Her town, Eishyshok, was destroyed by the Holocaust. Only 29 of the 3,500 members of the town's Jewish population survived.
Eliach became dedicated to preserving the memory of Eishyshok — the bustling, vibrant Eishyshok that existed before the Holocaust.
"I wanted to concentrate on life and not on death. We were a creative, dynamic people," said Eliach in an interview with the Philadelphia Inquirer.
The photos that had been so carefully hidden in Eliach's shoes became the inspiration for a collection that now numbers 6,000 photos. Approximately 1,500 of these photos are displayed in the three-story Tower of Life at the Holocaust Museum in Washington, D.C.
The photos depict residents of Eishyshok at home, weddings, bar mitzvahs, the marketplace — celebrating the joy of daily existence.

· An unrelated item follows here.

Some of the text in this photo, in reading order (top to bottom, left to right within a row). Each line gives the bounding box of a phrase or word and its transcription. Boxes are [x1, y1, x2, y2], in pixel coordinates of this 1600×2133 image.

"My first reaction, similar to that of many others, was to marvel at how rich and varied of a life was destroyed," said Marianne Hirsch, describing her visit to the Tower of Life in the book "Family Frames."

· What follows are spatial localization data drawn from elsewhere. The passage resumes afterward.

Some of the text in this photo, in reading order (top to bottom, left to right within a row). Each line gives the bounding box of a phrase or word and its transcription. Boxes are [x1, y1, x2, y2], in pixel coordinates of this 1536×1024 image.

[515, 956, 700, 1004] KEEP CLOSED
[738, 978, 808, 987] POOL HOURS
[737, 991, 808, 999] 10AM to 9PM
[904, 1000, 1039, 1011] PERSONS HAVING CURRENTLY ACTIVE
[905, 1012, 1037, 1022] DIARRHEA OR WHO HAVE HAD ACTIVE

The Tower of Life provides a sharp contrast to other areas of the Holocaust Museum that show concentration camps and mass graves. Those in the concentration camps had already been stripped of their humanity and individuality — the Tower of Life showcases the humanity and individuality that was lost.
Eliach spent 17 years gathering this collection of photos, as well as interviewing survivors, reading diaries and searching for official documents. Her search covered six continents and required intense efforts to procure the photos and information.

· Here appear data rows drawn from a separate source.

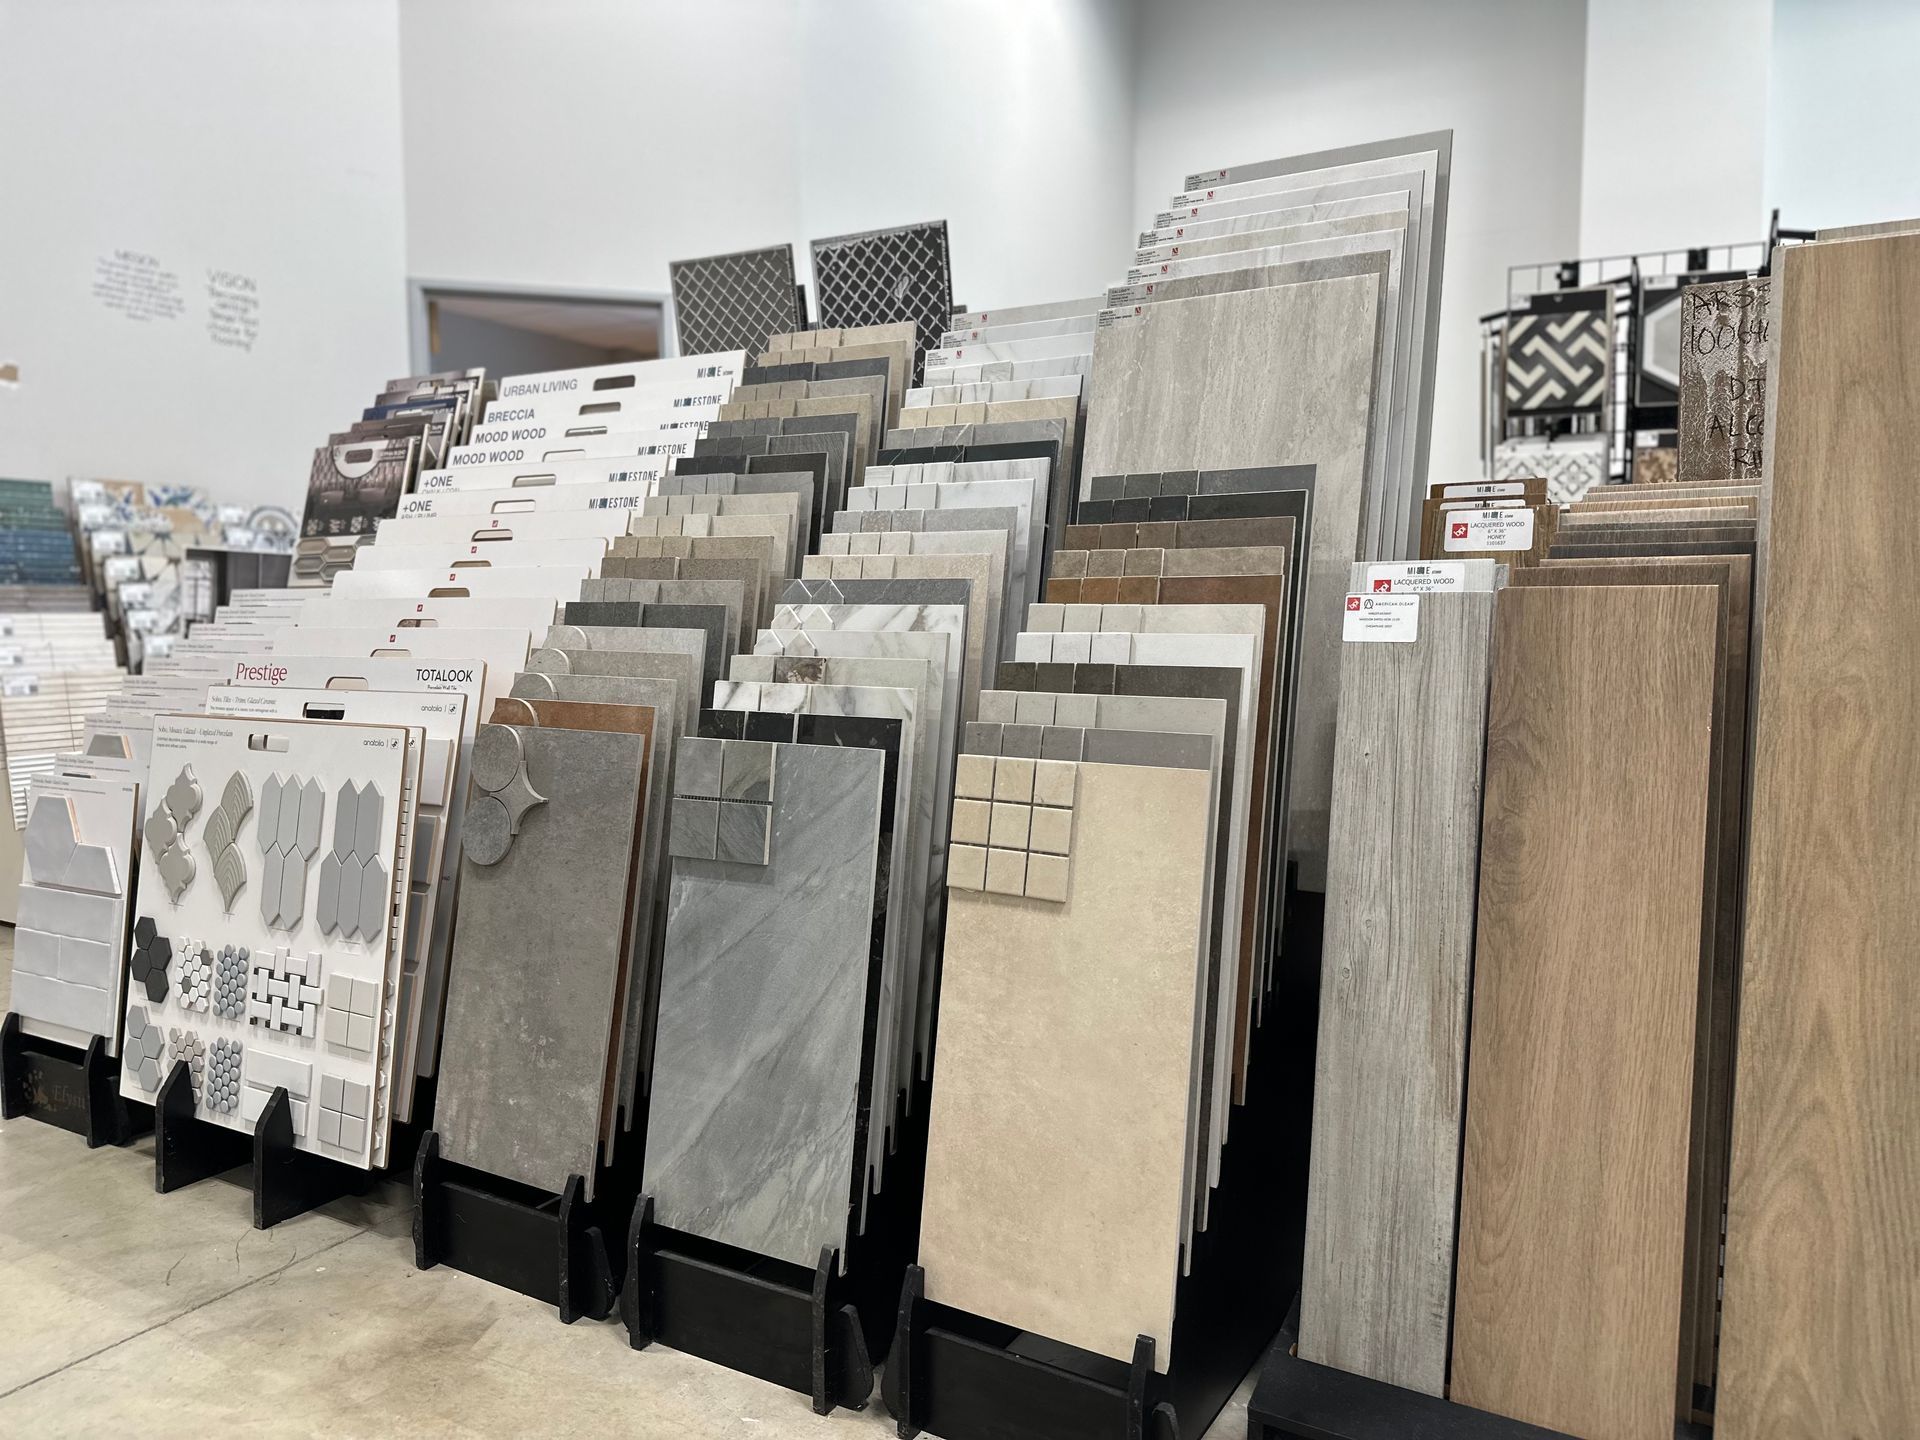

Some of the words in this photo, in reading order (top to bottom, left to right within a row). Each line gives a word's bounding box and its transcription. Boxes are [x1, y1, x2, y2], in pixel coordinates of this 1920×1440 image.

[206, 267, 257, 293] VISION
[503, 383, 540, 397] URBAN
[542, 378, 578, 394] LIVING
[487, 408, 535, 423] BRECCIA
[474, 430, 508, 444] MOOD
[511, 427, 546, 441] WOOD
[452, 452, 486, 466] MOOD
[489, 449, 524, 463] WOOD
[423, 475, 453, 488] +ONE
[403, 500, 433, 512] +ONE
[1470, 521, 1505, 529] LACQUERED
[1393, 578, 1432, 586] LACQUERED
[1433, 577, 1455, 585] WOOD
[235, 662, 288, 686] Prestige
[416, 668, 473, 682] TOTALOOK
[421, 704, 443, 712] anatolia
[363, 739, 385, 747] anatolia

Her efforts culminated in not only the Tower of Life but also the book "There Once was a World: A 900 Year Chronicle of the Shtetl of Eishyshok," a detailed history of Jewish life in Eishyshok from the creation of the town through its destruction during the Holocaust. Eliach's ancestors were among the original founders of the town in the 11th century.
"I am telling Adolph Hitler and all of his collaborators, here is a Jewish mother and grandmother who continues Jewish life, not only biologically, but intellectually as well. And I am in the midst of the heart of democracy," Eliach told the Philadelphia Inquirer.
"It's important for people to see that out of [the Holocaust] came something that's very positive, creative, and energetic," said Betty Signer, coordinator of the Notre Dame Holocaust project, a sponsor of Eliach's visit.
"We want people to think about what has happened and how they as an individual can prevent things like this from happening again," said Signer, describing the importance of the Notre Dame Holocaust project.
Eliach will describe her experiences in the lecture "Restoring a Vanished Past: There Once was a World" tonight at 8 p.m. in the Notre Dame Center for Continuing Education.
Eliach will also lead a gender studies discussion "Women of Valor, Women of Pain" at noon Friday in 119 O'Shaughnassy.